American poker tournament director

Matt Savage is an American poker tournament director and is the Executive Tour Director of the World Poker Tour. He has officiated over 400 episodes of televised poker, a record, including the World Series of Poker (2002–2004) and WPT (2002-2019). He is still a TD at Commerce Casino, Bay 101, and Thunder Valley Casino Resort. Other events Savage has overseen include Ultimate Poker Challenge, Poker Dome Challenge, and King of Vegas. He has also worked with networks Fox News, FSN, Travel Channel, NBC, and ESPN and served a prominent roll in the Warner Brothers movie "Lucky You" alongside Eric Bana and Robert Duvall.

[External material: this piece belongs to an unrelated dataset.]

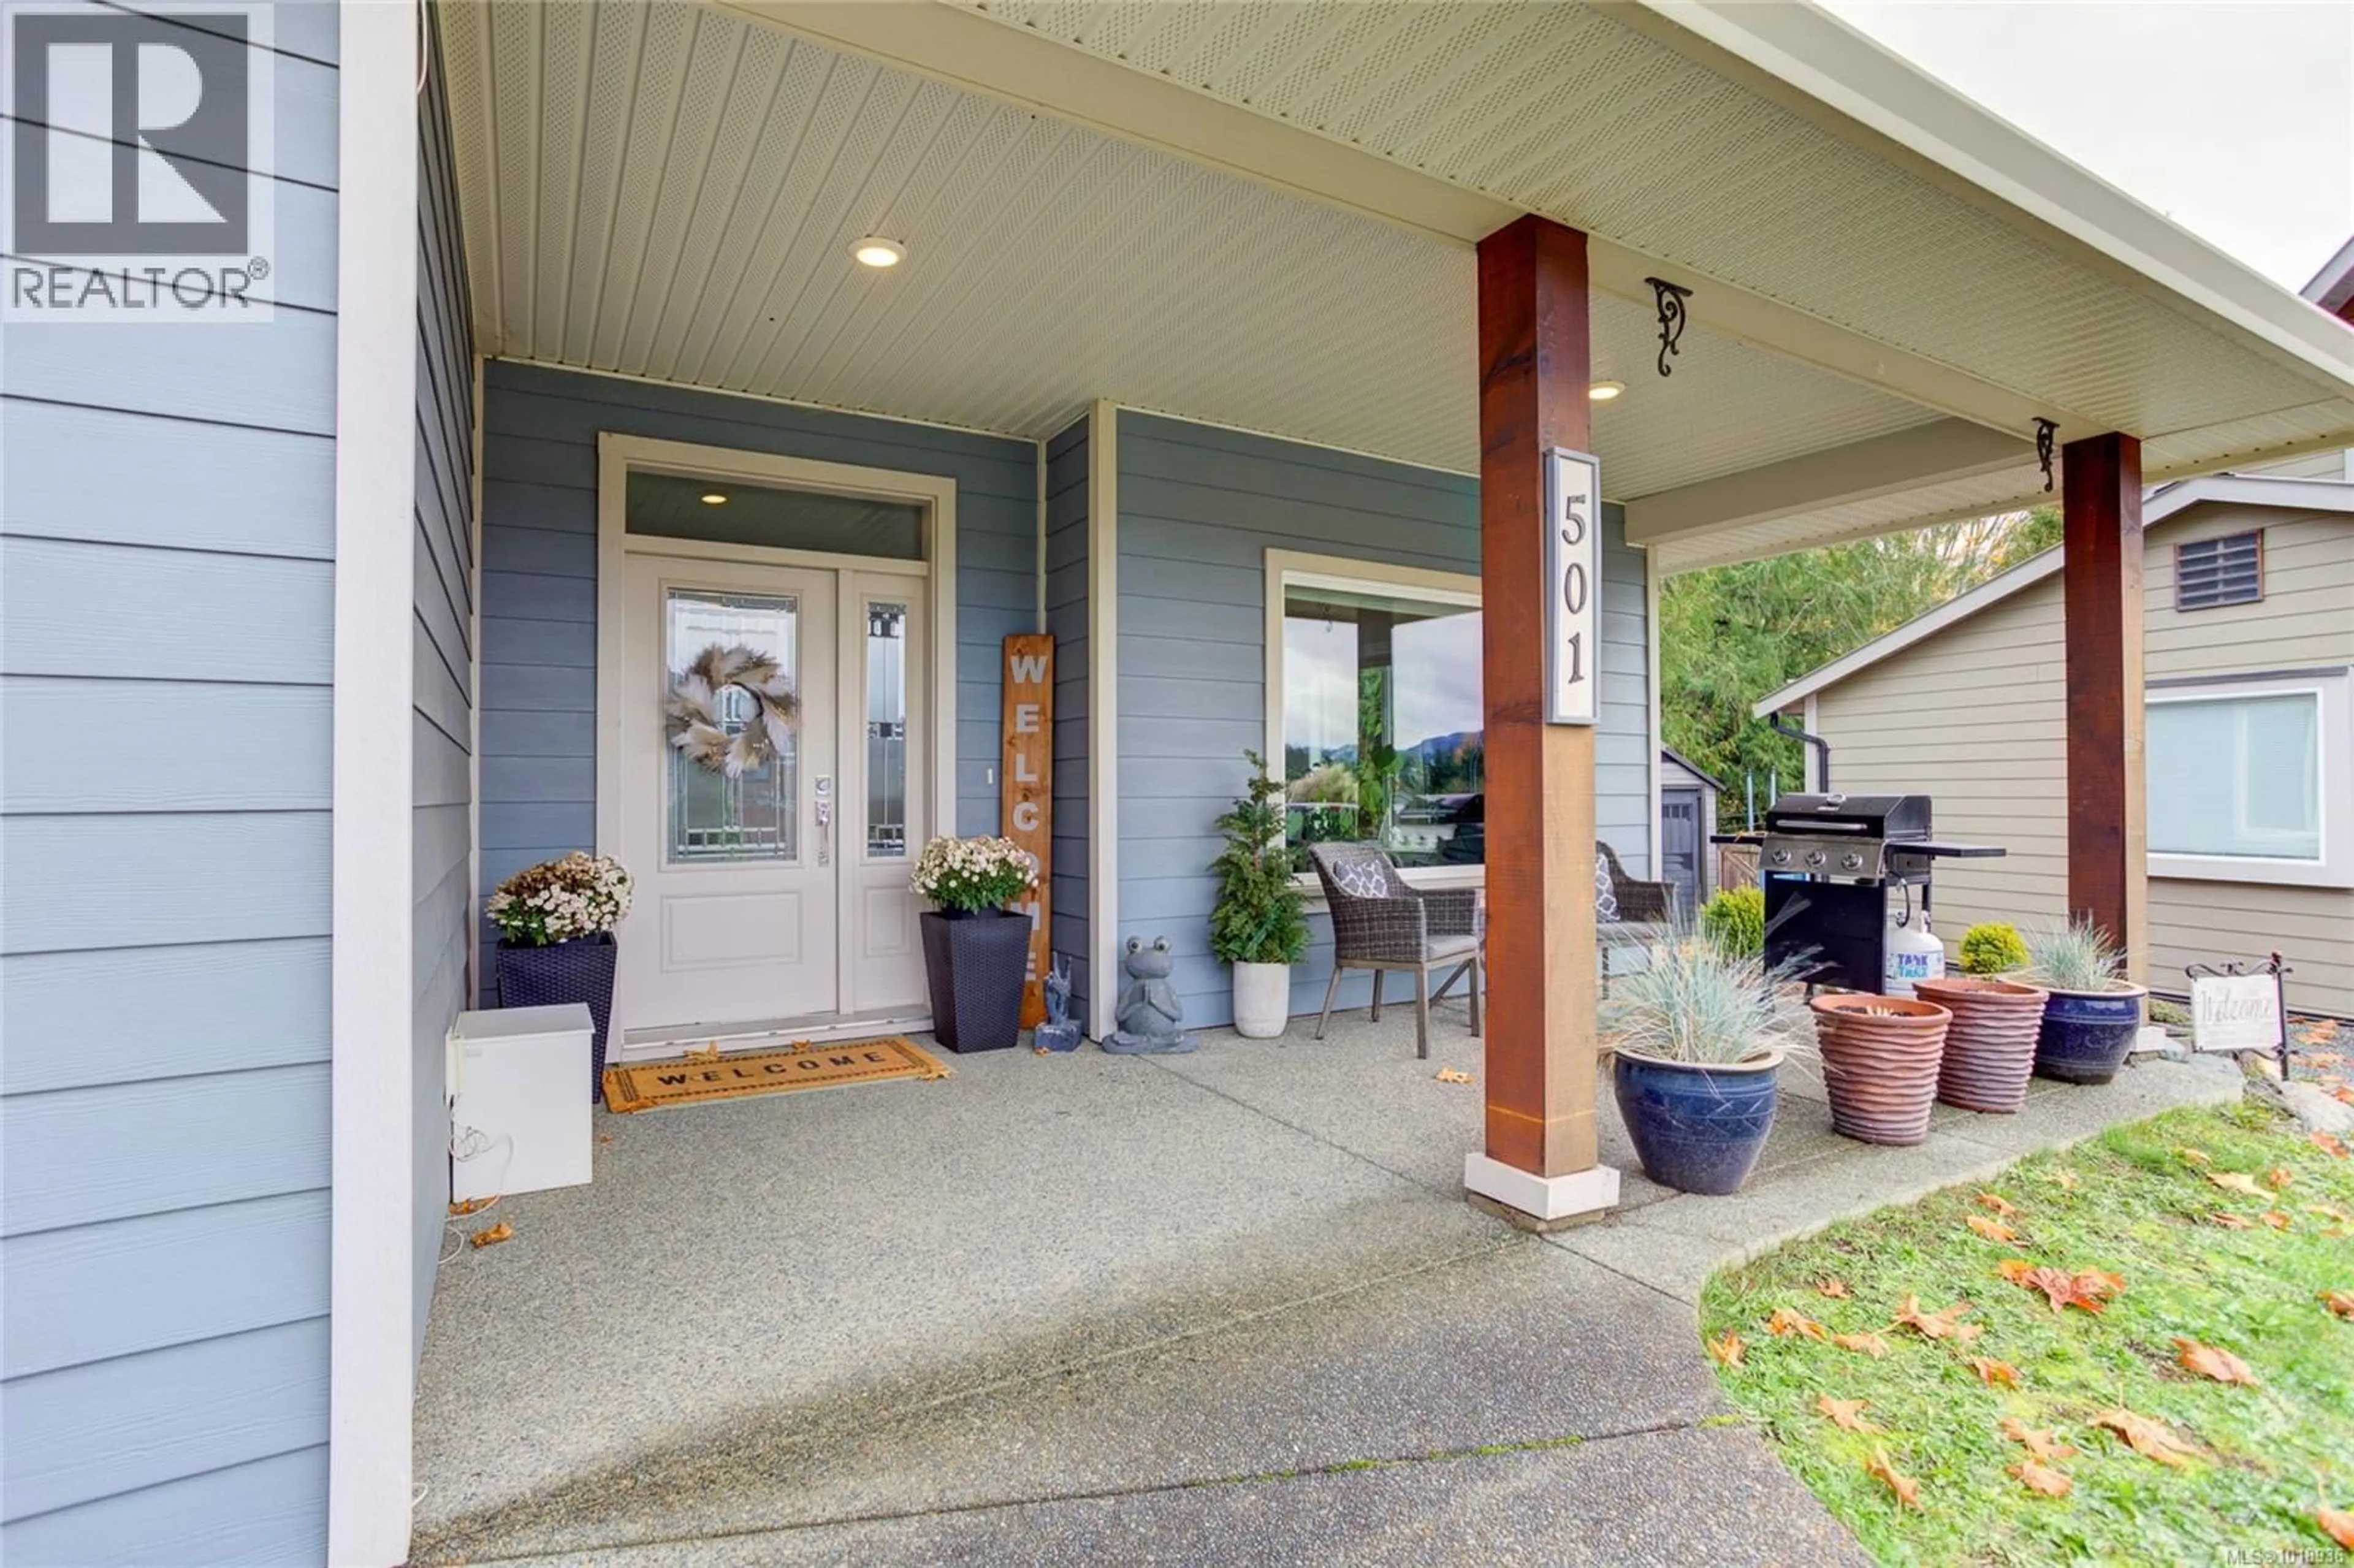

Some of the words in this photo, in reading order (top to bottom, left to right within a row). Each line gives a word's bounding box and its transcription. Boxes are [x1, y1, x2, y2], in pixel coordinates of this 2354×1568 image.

In 2001, Savage founded the Tournament Directors Association (TDA) along with Linda Johnson, Jan Fisher and David Lamb. The TDA is an organization that works to standardize poker tournament rules worldwide.

Savage was the inaugural inductee into the Poker Room Manager's Hall of Fame in 2003. Matt has been nominated for the Poker Hall of Fame multiple times.

Savage played during what was considered "the Poker Boom" and was on the microphone to call the 2003 WSOP final hand in which Chris Moneymaker defeated Sammy Farha.

Though Savage is not a professional poker player he has cashed multiple times, the first time in the World Series of Poker in 2009 including his first final table when he finished in fifth place in the $1,500 Seven Card Stud Hi-Low 8 or Better event. As of 2019, his live tournament winnings exceeded $125,000.